Rue de Sèvres, Label 619, 112 pages, 19 €
Short Story. La véritable histoire du Dahlia Noir

De quels amours brûlée

par ALPHONSE CUGIER
Publié le 23 décembre 2022 à 08:07 Mise à jour le 21 décembre 2022

1946. Elizabeth Short, une jeune femme de 22 ans, née dans une famille ruinée par la crise de 1929, rêve de cinéma. Comme d’autres jeunes femmes qui fantasment des réussites à l’instar des Lauren Bacall, Veronika Lake ou de Deanna Durbin, actrice adolescente à succès du studio Universal, elle quitte le Massachusetts pour Los Angeles et espère franchir la grille de l’usine à rêves, Hollywood, ville mirage. 15 janvier 1947, elle est retrouvée atrocement mutilée dans un terrain vague. L’album retrace ses trois derniers mois. Aguichante, elle s’accroche aux militaires en permission, fréquente bars, night clubs, fêtes privées et collectionne les désillusions. Fabulatrice, mythomane, elle s’invente des vies dans les lettres destinées à sa famille. Los Angeles, Cité des Anges ? Le décor idyllique a son revers trouble : un « melting pot  » où se croisent escrocs, voyous, souteneurs, flics ripoux et laissés-pour-compte du rêve américain, « un terrain de chasse idéal pour les prédateurs ». Run et Florent Maudoux, enquêteurs orfèvres, évoquent certes le crime crapuleux et l’enquête mais ils s’emploient plutôt à dresser le portrait d’une jeune femme pleine de contradictions, fleur bleue cherchant avant tout à être entourée, admirée et aimée, à rejoindre les actrices magnifiées dans les pages glacées des fan magazines.

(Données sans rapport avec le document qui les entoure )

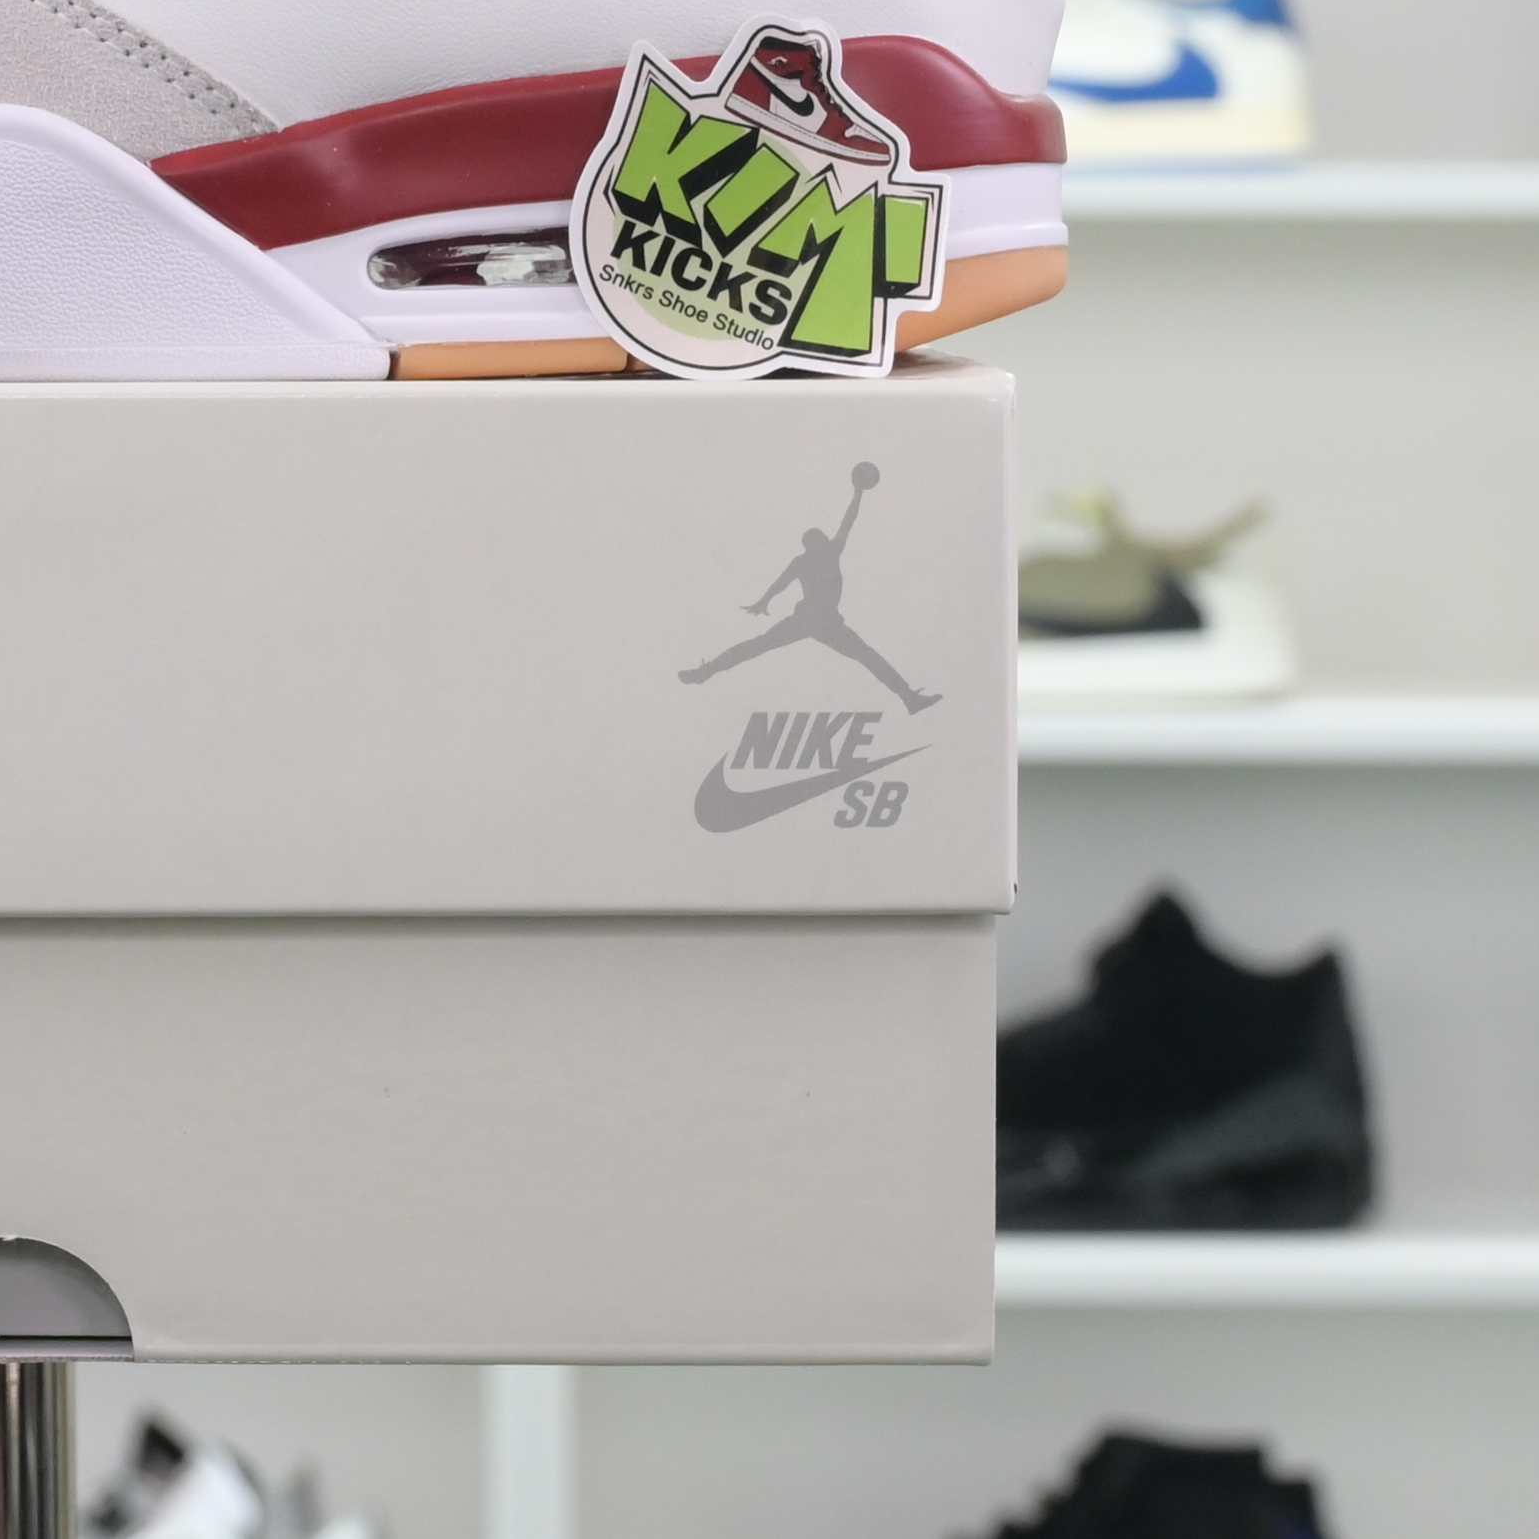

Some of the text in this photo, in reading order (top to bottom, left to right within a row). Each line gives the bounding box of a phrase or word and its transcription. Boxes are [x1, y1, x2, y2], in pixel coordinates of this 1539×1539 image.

Et ce à la différence de la presse de l’époque, au diapason d’une Amérique puritaine qui s’illustre en qualifiant Elizabeth de vamp sulfureuse, prostituée, gouine, traînée. Ils ont réalisé un véritable travail de journalistes d’investigation. Le récit de BD est entrecoupé de manchettes de journaux, d’extraits du dossier judiciaire, d’archives du FBI, de témoignages et de publicités de l’époque. Ce croisement des données n’entrave nullement la narration superbement confortée par des dessins aux couleurs semblables à celles des revues des années 1940, sépia ou pastel.